Read from this letter written December 17, 1943, by Lutheran pastor Dietrich Bonhoeffer to his parents: "For a Christian there is nothing peculiarly difficult about Christmas in a prison cell. I daresay it will have more meaning and will be observed with greater sincerity here in this prison than in places where all that survives of the feast s its name....

"For the prisoner the Christmas story is glad tidings in a very real sense.
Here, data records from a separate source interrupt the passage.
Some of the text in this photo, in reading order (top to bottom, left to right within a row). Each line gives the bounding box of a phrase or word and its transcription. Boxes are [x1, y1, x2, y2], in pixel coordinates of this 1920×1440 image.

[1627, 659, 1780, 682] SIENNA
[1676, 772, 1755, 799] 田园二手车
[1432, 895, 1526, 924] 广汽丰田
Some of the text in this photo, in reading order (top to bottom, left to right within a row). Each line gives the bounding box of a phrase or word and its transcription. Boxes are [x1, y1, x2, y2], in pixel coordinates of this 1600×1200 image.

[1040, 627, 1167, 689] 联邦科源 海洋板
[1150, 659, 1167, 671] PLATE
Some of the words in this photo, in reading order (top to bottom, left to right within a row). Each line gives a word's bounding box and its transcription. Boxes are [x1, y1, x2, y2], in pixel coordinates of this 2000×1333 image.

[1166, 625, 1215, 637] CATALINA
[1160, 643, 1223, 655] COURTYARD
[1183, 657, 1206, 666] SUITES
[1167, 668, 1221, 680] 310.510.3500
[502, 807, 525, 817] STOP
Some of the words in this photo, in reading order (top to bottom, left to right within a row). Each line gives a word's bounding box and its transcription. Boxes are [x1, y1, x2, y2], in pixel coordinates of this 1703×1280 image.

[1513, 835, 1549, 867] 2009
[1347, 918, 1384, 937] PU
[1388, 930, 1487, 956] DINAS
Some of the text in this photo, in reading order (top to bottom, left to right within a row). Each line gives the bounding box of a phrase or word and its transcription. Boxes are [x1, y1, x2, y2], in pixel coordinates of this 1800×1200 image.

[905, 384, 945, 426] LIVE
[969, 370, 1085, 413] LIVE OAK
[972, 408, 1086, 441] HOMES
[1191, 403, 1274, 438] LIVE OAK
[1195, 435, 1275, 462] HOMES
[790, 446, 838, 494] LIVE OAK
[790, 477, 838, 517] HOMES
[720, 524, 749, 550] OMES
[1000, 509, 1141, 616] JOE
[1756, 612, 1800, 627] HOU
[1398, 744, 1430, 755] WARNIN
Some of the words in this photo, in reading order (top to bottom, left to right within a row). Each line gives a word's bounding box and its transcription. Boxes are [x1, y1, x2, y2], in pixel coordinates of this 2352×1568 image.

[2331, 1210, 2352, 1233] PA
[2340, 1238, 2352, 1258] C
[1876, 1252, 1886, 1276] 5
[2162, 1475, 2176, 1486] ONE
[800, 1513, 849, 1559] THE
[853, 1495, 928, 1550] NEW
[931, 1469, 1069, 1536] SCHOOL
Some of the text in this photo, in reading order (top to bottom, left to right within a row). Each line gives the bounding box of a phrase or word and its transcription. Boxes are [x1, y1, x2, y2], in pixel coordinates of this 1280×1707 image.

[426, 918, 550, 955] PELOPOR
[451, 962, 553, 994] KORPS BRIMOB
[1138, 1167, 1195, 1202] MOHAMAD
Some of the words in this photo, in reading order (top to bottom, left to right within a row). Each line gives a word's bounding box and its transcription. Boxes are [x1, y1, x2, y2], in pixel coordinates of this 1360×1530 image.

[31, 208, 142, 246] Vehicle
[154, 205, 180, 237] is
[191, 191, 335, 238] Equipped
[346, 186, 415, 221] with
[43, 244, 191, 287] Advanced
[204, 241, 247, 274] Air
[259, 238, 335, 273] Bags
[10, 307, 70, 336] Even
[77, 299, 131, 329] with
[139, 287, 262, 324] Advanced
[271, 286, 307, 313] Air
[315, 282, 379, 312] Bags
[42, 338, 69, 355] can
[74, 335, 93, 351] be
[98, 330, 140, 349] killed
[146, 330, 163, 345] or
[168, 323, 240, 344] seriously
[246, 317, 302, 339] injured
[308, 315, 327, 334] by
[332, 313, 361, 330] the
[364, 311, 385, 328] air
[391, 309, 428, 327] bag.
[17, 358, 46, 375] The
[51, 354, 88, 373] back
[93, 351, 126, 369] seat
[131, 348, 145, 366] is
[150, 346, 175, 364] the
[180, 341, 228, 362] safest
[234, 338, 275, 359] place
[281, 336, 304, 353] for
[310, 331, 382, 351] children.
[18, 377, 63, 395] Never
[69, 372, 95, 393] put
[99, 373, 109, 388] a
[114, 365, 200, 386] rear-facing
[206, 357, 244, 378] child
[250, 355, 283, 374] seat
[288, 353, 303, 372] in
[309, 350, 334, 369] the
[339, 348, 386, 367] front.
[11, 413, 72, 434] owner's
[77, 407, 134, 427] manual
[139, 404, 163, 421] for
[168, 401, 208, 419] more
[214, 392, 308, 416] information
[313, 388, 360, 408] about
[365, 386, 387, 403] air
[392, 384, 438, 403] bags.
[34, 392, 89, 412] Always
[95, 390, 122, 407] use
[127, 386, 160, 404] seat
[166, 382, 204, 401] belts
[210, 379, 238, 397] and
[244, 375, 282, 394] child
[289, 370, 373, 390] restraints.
And that faith gives the prisoner a part in the communion of saints, a fellowship transcending the bounds of time and space."

Bonhoeffer reveals the "tempered strength" of the believer who knows, as Stortz writes, that "God became one of us to share our suffering and show us the pathways of peace"

This is God’s Christmas.

To the manger
What should we do in these Advent days so the treasure of Christmas is not hidden from us, so we don’t leave the manger empty?

Perhaps we start by simply and, yes, meekly receiving this gift of God-with-us with thanks for all the days of our lives — the days of gladness and of sadness that come to each of us. "Of the Father’s love begotten," Jesus comes into our world, into our lives, embodying that love.

We know the story so well.

Maybe too well?

A missionary I visited in Thailand showed me a painting on the wall of his seminary classroom. It was the Nativity, the work of Sawai Chinnawong, an internationally known Christian artist who was raised Buddhist.

I loved the bright depiction of a traditional village, complete with an elephant paying homage at the manger. But I missed the remarkable feature: The separation between heaven and earth of classical Buddhist art — a continuous jagged line — was broken. Heaven had opened into earth. God had come to the people here, now.

This image would startle a Buddhist, the professor pointed out. That our God comes to live with us should still amaze us.

Sawai’s painting includes three people, presumably wise, bringing gifts. The first is a woman carrying a tray with a jar of water, a bowl of rice, and a fish on a plate. (Reminds me of the saying that if the wise men had been women they would have brought a casserole, among other things.)

That’s a sign of how we are to respond to the amazing gift of God. We give back. But before we think about what that means for us this Christmas, let’s listen again to Luther’s sermon: "There are many of you in this congregation who think to yourselves: ‘If only I had been there! How quick I would have been to help the Baby! I would have washed his linen. How happy I would have been to go with the shepherds to see the Lord lying in the manger!’ Yes, you would! You say that because you know how great Christ is, but if you had been there at that time you would have done no better than the people of Bethlehem. Childish and silly thoughts are these! Why don’t you do it now? You have Christ in your neighbor. You ought to serve him, for what you do to your neighbor in need you do the Lord Christ himself."

No one ever accused Luther of not speaking his mind. His blunt admonitions to his parishioners some 450 years ago can still direct us on our way to the manger.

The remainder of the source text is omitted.